This pipeline is a re-write of the multiple_mappings_to_bam.py by Simon Harris, formerly of the Bacterial Genomics team at the Wellcome Sanger Institute.
This pipeline focuses on being a quick and easy mapping software. It can run in a directory of paired lanes. So long as the pairs are identicle in prefix they can be paired.
- bwa-mem2
- python 3.7+
- raxml-ng
- smalt
- samtools 1.6+
- bowtie2
To install by Dockerfile please pull the docker image from the Pathogen Informatics repository[https://hub.docker.com/u/sangerpathogens]
Otherwise clone by running the following and installing all listed dependencies.
git clone https://github.com/sanger-pathogens/multimapper.git
cd multimapper
pip3 install requirements.txt
To run the pipeline in its simplest form you need a reference to map to and a folder containing paired reads.
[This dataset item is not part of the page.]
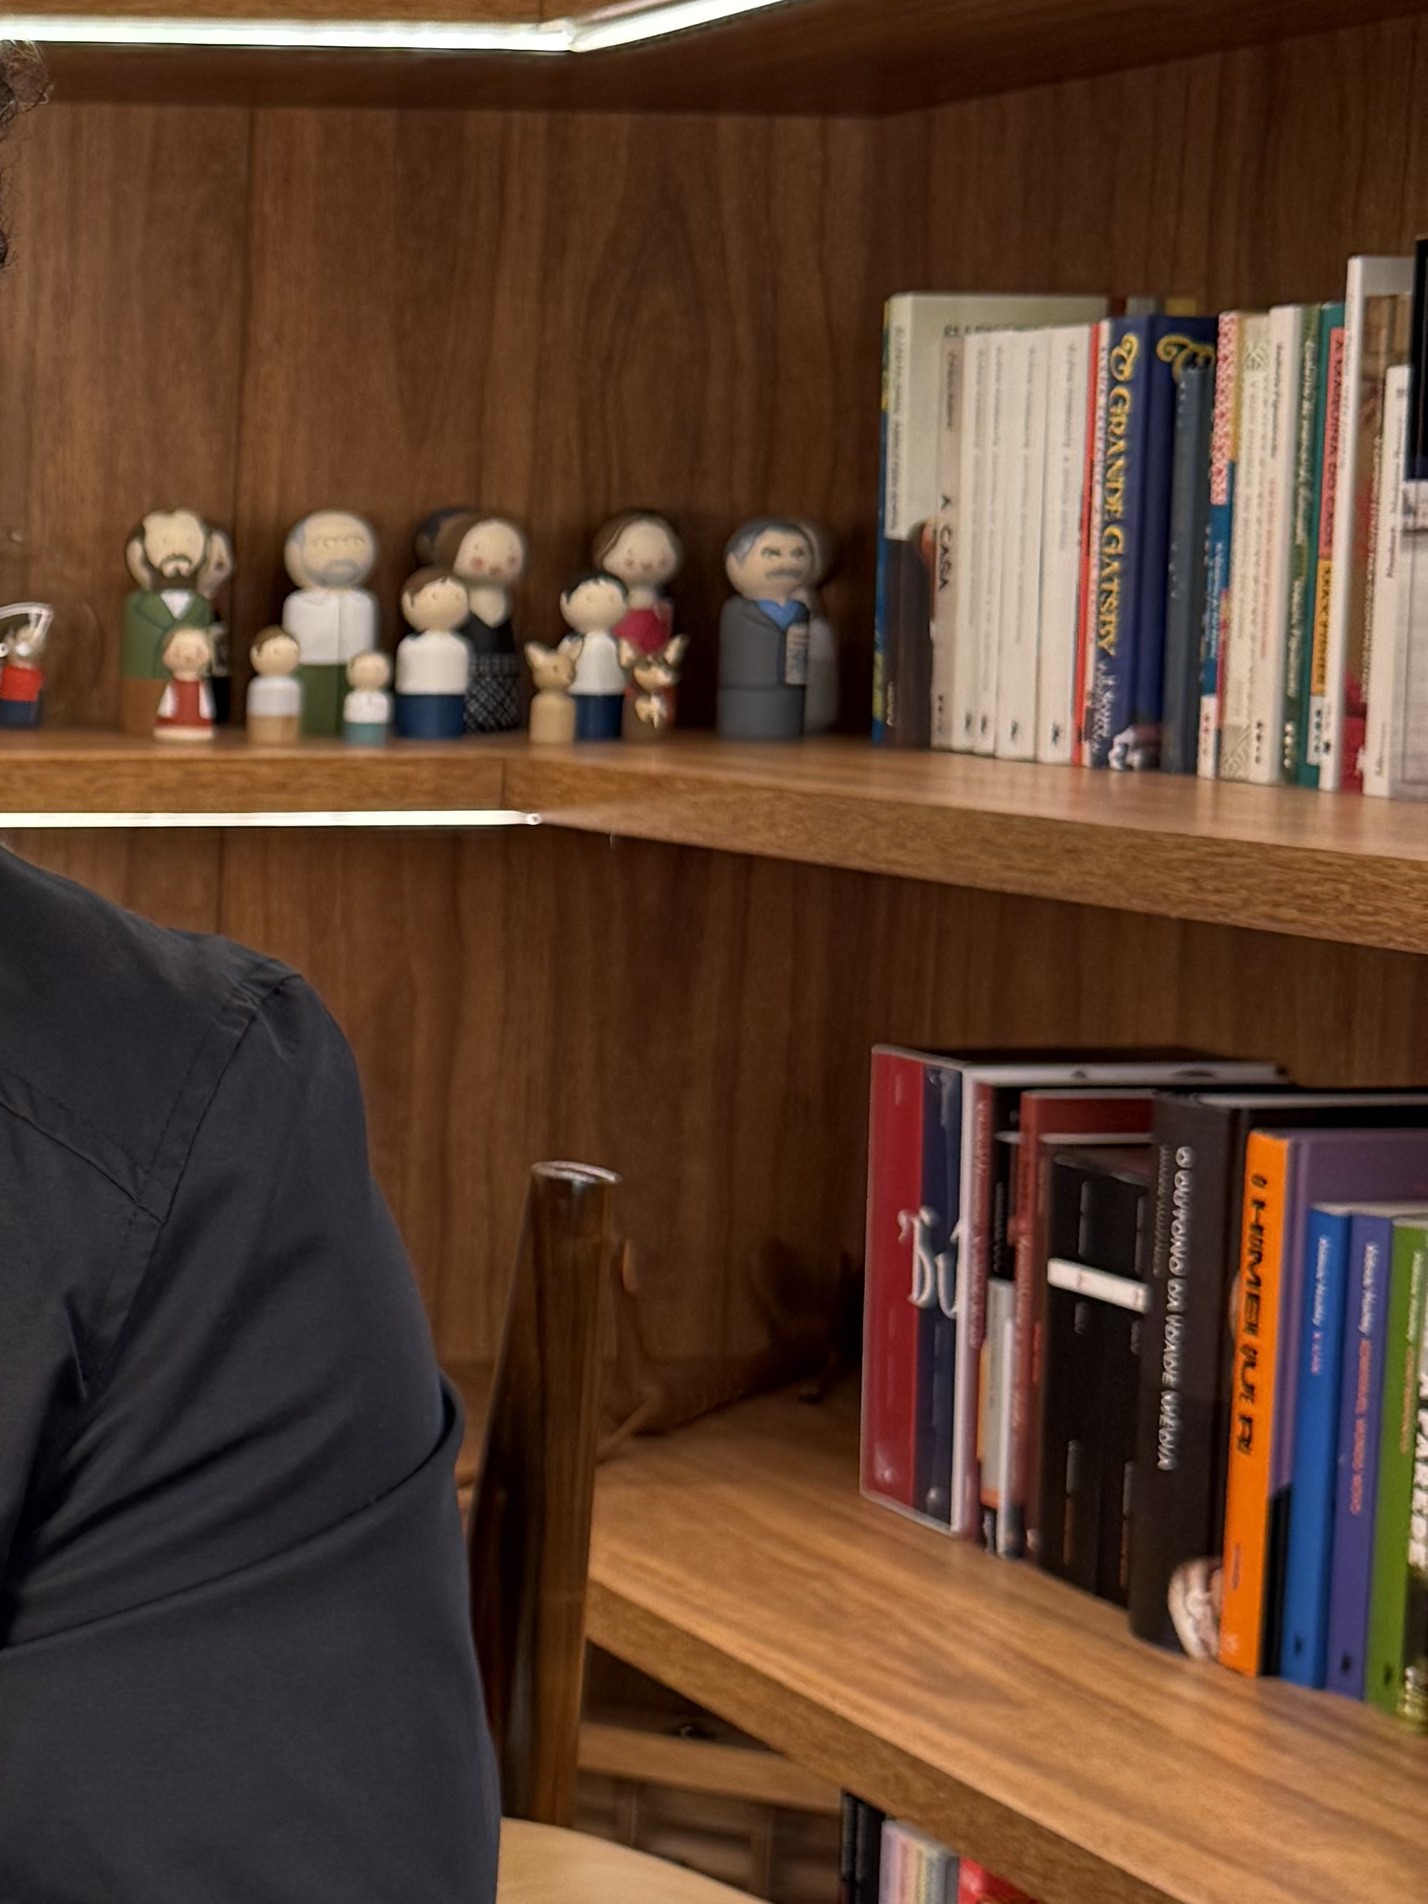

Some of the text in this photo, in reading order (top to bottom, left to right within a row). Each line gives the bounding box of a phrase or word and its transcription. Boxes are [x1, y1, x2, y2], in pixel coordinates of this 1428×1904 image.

[938, 495, 954, 591] A CASA
[1095, 385, 1133, 658] GRANDE GATSBY
[1157, 1145, 1192, 1472] O OUTONO DA IDADE MÉDIA
The pipeline has a small group of options shared across it's mappers and vcf tools. These include
--qc if set to 'on' will produce qc readings for mapped reads
--mapper sets the mapper from between 'smalt', 'bwa-mem2' and 'bowtie2'
--snp either sh16 for the original conversions to bcf, or freebayes for a simpler variant calling
--k scanning kmer length for mapping and snp calling processes
WIP: not fully functional
--pseudo creation of pseudosequence from
The pipeline can use alternate configs, accessible using -c <my_config> on the command line. The available configs included are fast.config and a WIP full.config. Fast config removes qc and all Simon Harris processes to quickly process the data through BWA-mem2 and Freebayes. WIP Full config applies all available processing; this includes QC filtering, mapping, variant calling using Simon Harris methods and pseudosequence generation, indel trimming and phylogeny tree generation.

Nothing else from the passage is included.